Infusion Day!

By the time you are reading this post I will be in the infusion clinic receiving my third infusion of Rituximab. I am marveling at the amazing results I am getting from this drug. Yes, I don’t like enduring the discomfort, extreme fatigue, pain of them trying to insert a 22 gauge needle into my arm when my veins are so tiny, but in the end it is worth it. The 5 to 6 months of good far out weights the two weeks of bad. And the fact it is helping my throat heal enough for me to get rid of my trach makes this woman a happy camper.

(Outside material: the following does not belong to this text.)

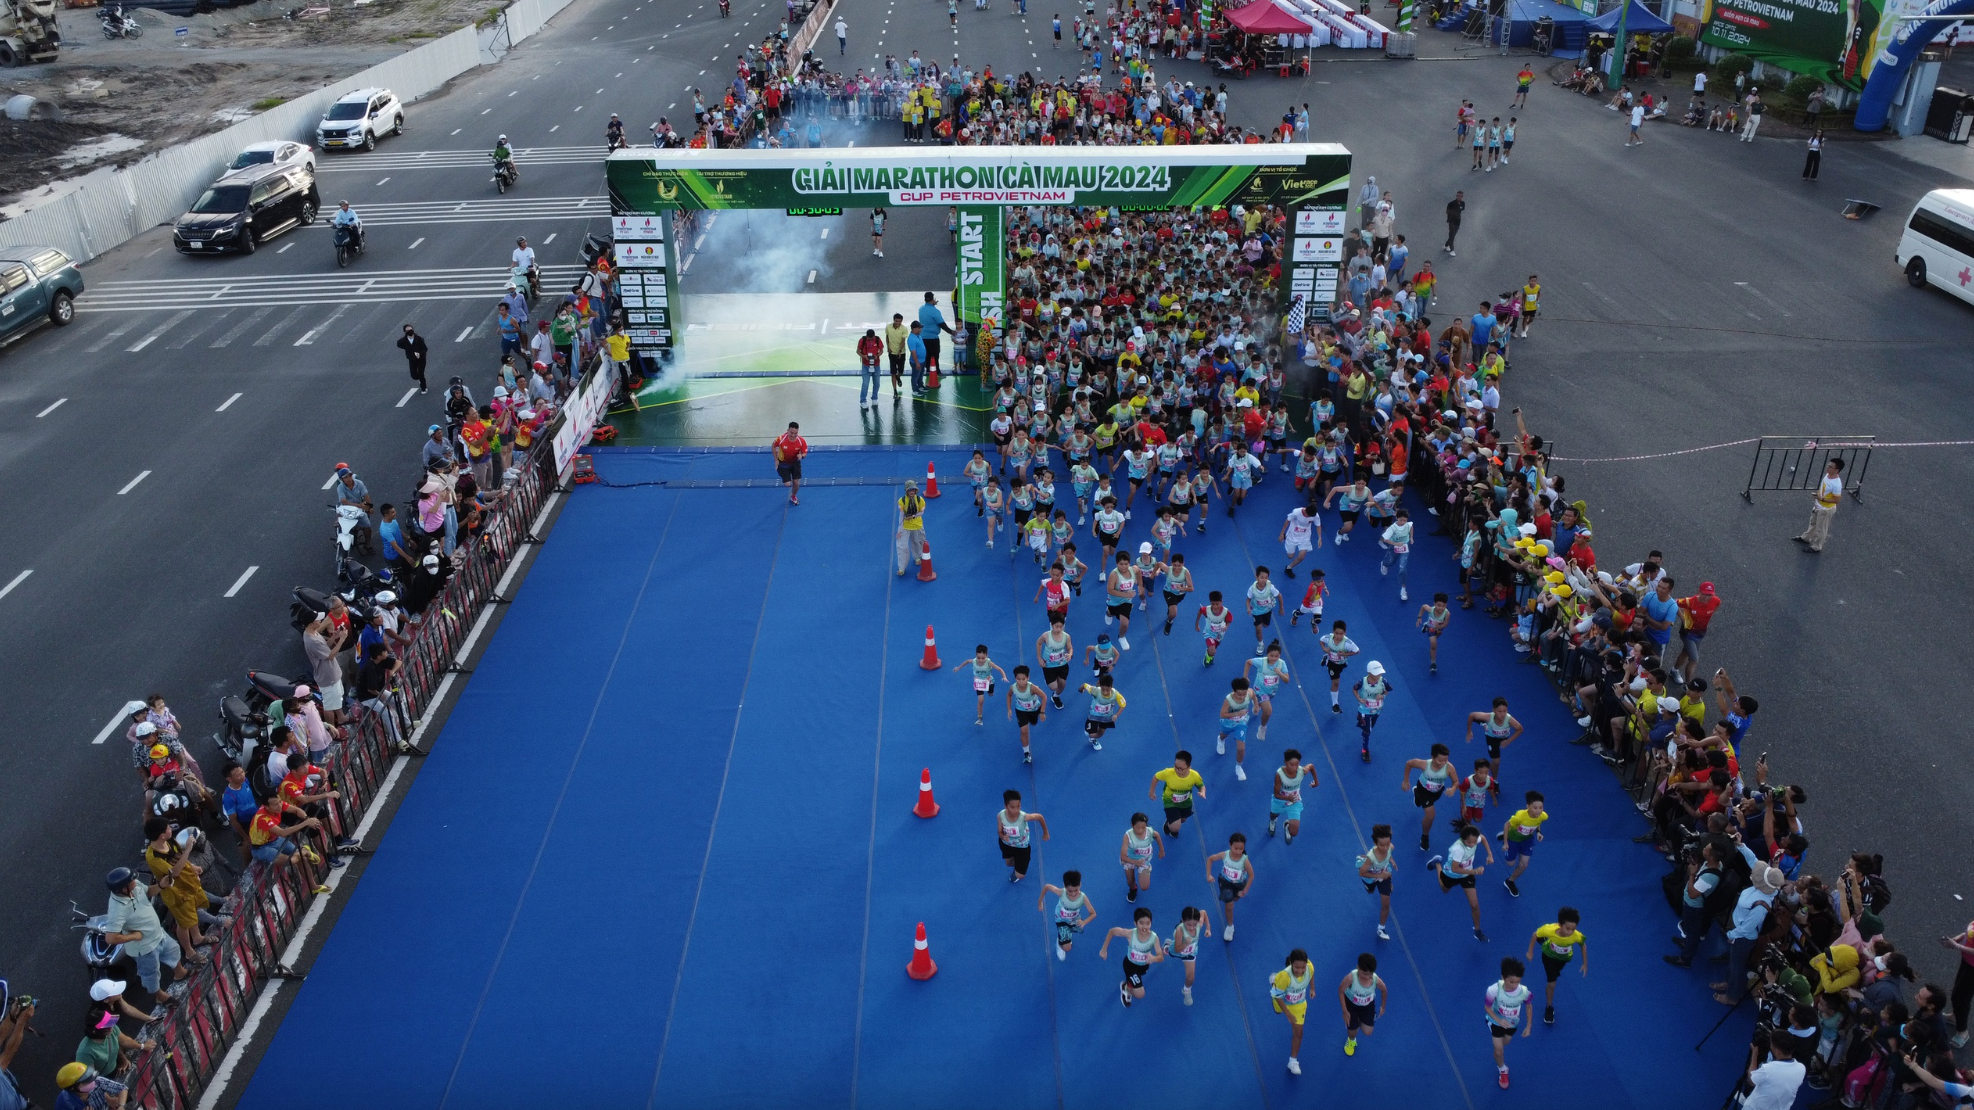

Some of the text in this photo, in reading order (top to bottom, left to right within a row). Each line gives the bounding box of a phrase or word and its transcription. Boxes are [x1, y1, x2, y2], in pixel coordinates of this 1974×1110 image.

The extreme fatigue only lasts for two weeks, the pain, and I now know that I need to drink a gallon or two of water the day before them trying to stick an IV into my arm to plump up my veins. Yes, sitting in the hospital for seven hours of chemo is not fun, but I will have my trusty lap top with me, so I can write and read the books and possibly go on the internet and check out Facebook and other research I am doing.
Currently I am writing down all the negative thoughts that jump into people’s heads when they are sick or disabled. I have even interviewed a few people asking them to share their thoughts with me. I am hoping with this research I would be able to create some amazing artistic cards to help counselors with patients who don’t have a voice or who don’t have the words to express what they are going through. One of the biggest hurdles I have faced on my journey is not being able to articulate clearly to those who are not enduring my trials what it is I am feeling or experiencing. I have had counselors say to me that they were nervous about talking to me due to my trach, but felt relieved that I was able to communicate. I want to bridge the gap between clients and counselors so that they can help each other heal. Receiving counseling has helped me in a lot of ways, yes, I can talk to my friends and my family, but they are in my circle and it helps to have someone who doesn’t really know me that well give me a different perspective and not only that but I do not want to burden my family or my friends with my issues when they have their own and that is not to say that my family and friends do not love me, I know that they do. But like my sister in law said to me, she has been waking up with her feet hitting the floor. I am among some amazing and strong women who have their own journey’s to follow and I do not want to be a pest.
What will I be doing while sitting getting my chemo, I will be reading several books that I have on my computer. I also want to write part two of the Gluten Summit I attended, but got sidetracked with my latest inflammation battle. I have things to do, I won’t be bored.
A praise moment, the extra dosages of prednisone that Dr. Gardner up in Seattle gave me is working on my hand. My hand no longer looks like a swollen mass mess. I am able to bend my fingers and my elbow. This will make cutting up the fruit above that I am showcasing from my family in California. Every Thanksgiving weekend my brother and his family hit the highway towards Gerber CA for a Bible conference and they bring back a ton of fruit from our cousin’s orchard. I am blessed with several persimmons, oranges, grapefruits, and pomegranates. This morning I have enjoyed a plump juicy orange, tastes so different than the ones I get from the store. Thank you Meyer’s family for the fruit. As you can see my life isn’t all about the pain. I have a lot of blessings too. What are your blessings? Do you see them?